**Goal of the exercise**
Copy the data that appears below exactly. Drop the pictures.

[Source records]

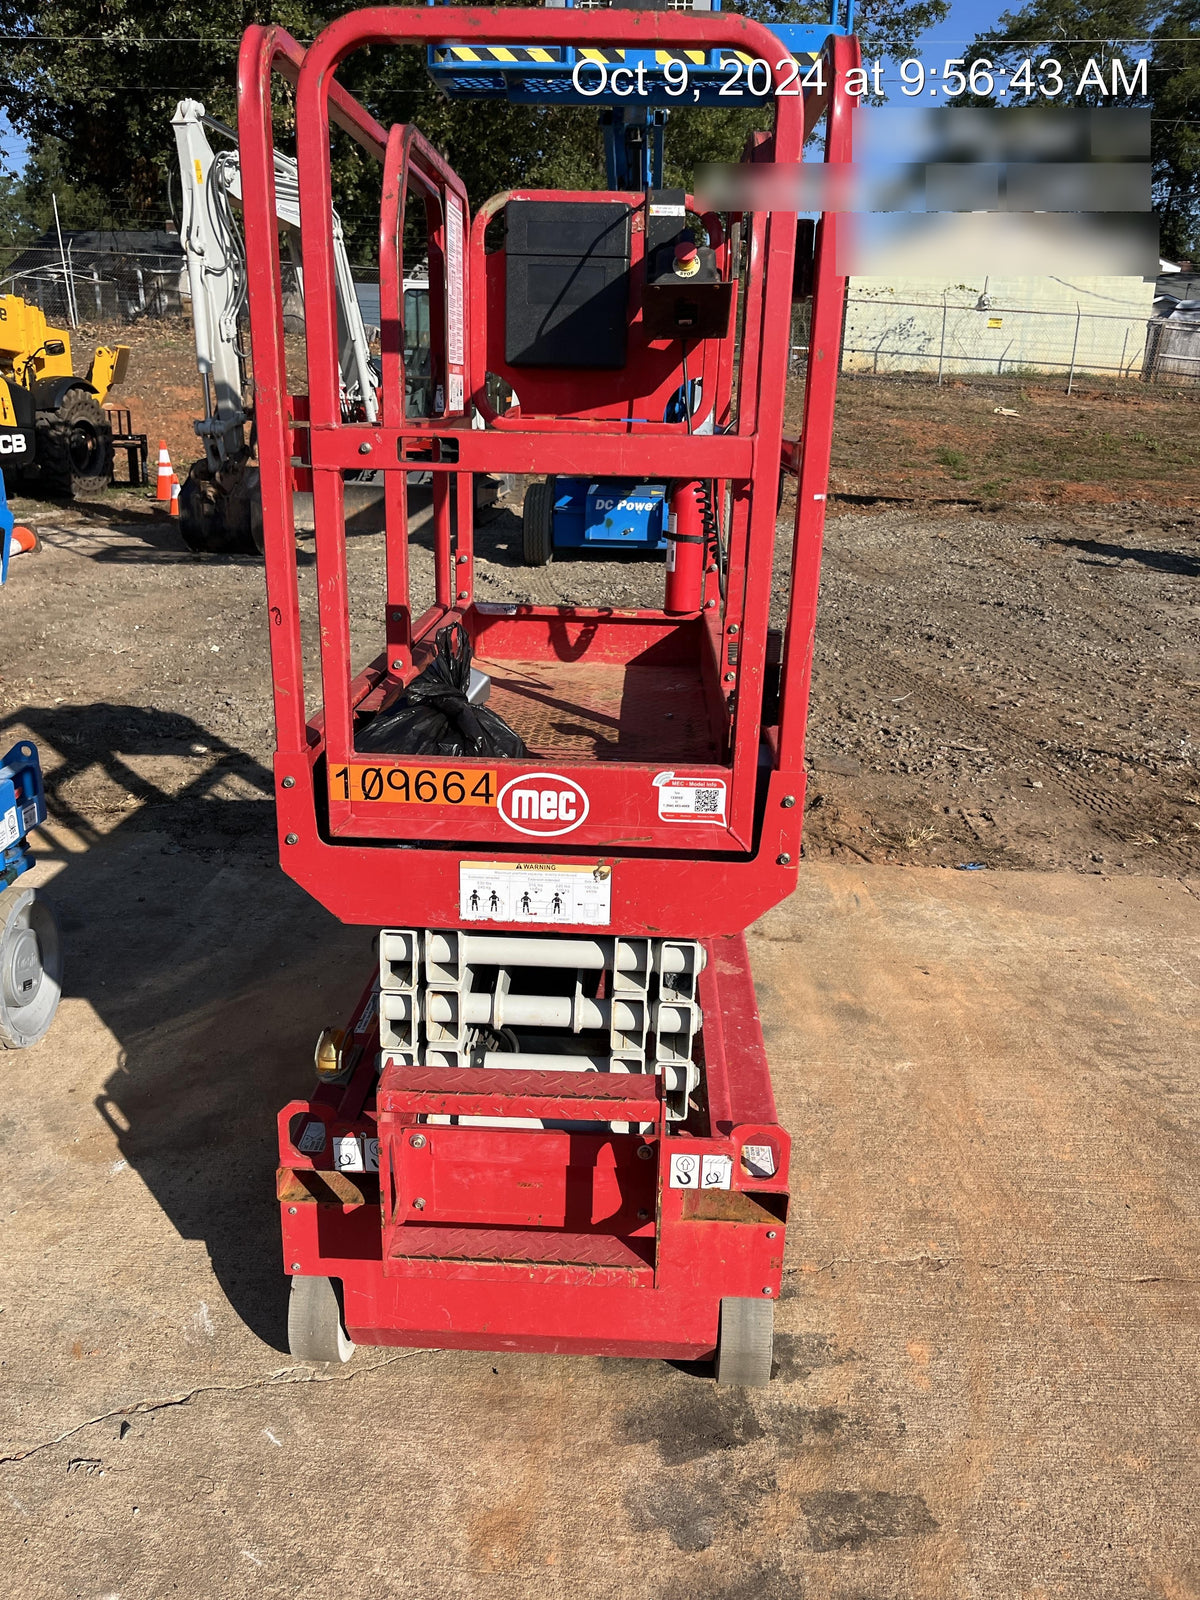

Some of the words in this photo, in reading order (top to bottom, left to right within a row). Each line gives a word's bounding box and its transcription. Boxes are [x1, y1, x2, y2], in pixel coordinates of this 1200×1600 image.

[0, 434, 27, 454] CB
[595, 499, 614, 510] DC
[617, 499, 659, 511] Power
[334, 766, 495, 805] 109664
[523, 863, 557, 871] WARNING

[/Source records]

**Expected output**
Some of the words in this photo, in reading order (top to bottom, left to right within a row). Each line gives a word's bounding box and its transcription. Boxes are [x1, y1, x2, y2], in pixel coordinates of this 1200×1600 image.

[0, 434, 27, 454] CB
[595, 499, 614, 510] DC
[617, 499, 659, 511] Power
[334, 766, 495, 805] 109664
[523, 863, 557, 871] WARNING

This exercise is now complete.